Around 6,000 people have been infected with the SARS-like virus in China and 132 have died.

Sixty-eight further cases have been identified in more than a dozen other countries, including Germany, Japan and Vietnam where cases of human-to-human transmission outside of China have been confirmed.

“Although the numbers outside China are still relatively small, they hold the potential for a much larger outbreak,” WHO chief Tedros Adhanom Ghebreyesus said.

Asked about countries evacuating their citizens from China, Tedros said the decision was up to them but “they have to prepare themselves if there is an import of cases”.

Tedros, who visited China this week and held talks with President Xi Jinping, said earlier that he was calling an emergency meeting of international experts on Thursday.

Tedros said most people who contract the virus exhibit “milder symptoms” but about one in five have severe illness, including pneumonia and respiratory failure.

The WHO’s Emergency Committee met for two days last week but stopped short of calling an international health emergency, saying that more information was needed about the virus.

The designation has only been used five times before by the Geneva-based UN health agency, including for Ebola and swine flu.

“The world is pulling together to end the outbreak, building on lessons learned from past outbreaks,” Tedros said.
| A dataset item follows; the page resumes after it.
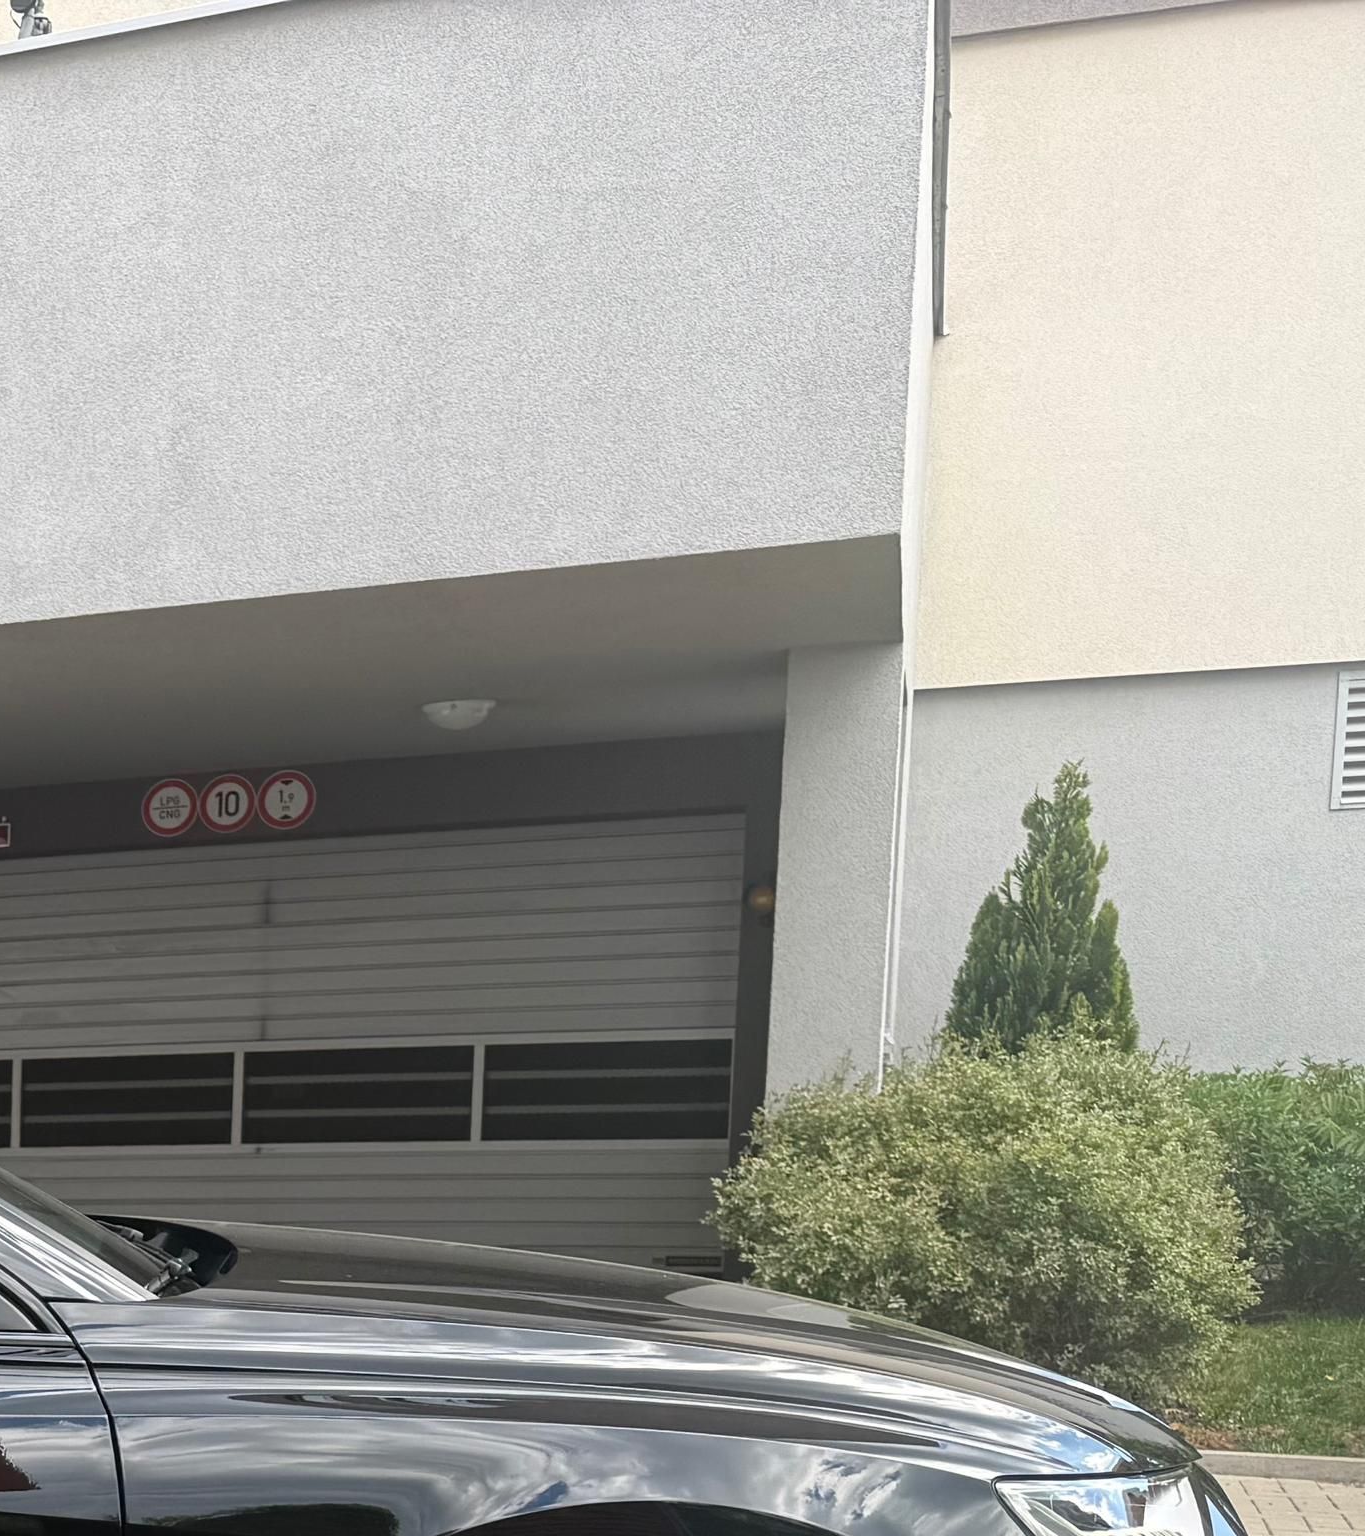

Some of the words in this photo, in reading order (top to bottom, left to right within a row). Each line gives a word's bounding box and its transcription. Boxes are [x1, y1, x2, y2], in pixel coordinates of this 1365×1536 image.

“China needs the world’s solidarity and support,” he said, adding that he had held “frank talks” with Xi.

Tedros also said the WHO “deeply regrets” a mistake in three of its reports last week in which it referred to the global risk of the outbreak as “moderate” instead of “high”.

The virus bears similarity to SARS (Severe Acute Respiratory Syndrome), which also originated in China and killed more than 770 people worldwide in 2002 and 2003.